Give back every line of the data below exactly.

Start of EXERCISE INPUTS

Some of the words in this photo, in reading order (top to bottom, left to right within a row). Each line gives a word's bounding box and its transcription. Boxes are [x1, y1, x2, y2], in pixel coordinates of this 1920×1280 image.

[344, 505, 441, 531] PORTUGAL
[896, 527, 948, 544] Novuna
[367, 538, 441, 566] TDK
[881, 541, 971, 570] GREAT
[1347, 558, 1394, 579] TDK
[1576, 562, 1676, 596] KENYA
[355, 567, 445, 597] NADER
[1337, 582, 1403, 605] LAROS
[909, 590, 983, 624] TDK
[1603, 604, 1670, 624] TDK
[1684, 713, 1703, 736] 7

End of EXERCISE INPUTS

ANSWER FOR THE TASK -
Some of the words in this photo, in reading order (top to bottom, left to right within a row). Each line gives a word's bounding box and its transcription. Boxes are [x1, y1, x2, y2], in pixel coordinates of this 1920×1280 image.

[344, 505, 441, 531] PORTUGAL
[896, 527, 948, 544] Novuna
[367, 538, 441, 566] TDK
[881, 541, 971, 570] GREAT
[1347, 558, 1394, 579] TDK
[1576, 562, 1676, 596] KENYA
[355, 567, 445, 597] NADER
[1337, 582, 1403, 605] LAROS
[909, 590, 983, 624] TDK
[1603, 604, 1670, 624] TDK
[1684, 713, 1703, 736] 7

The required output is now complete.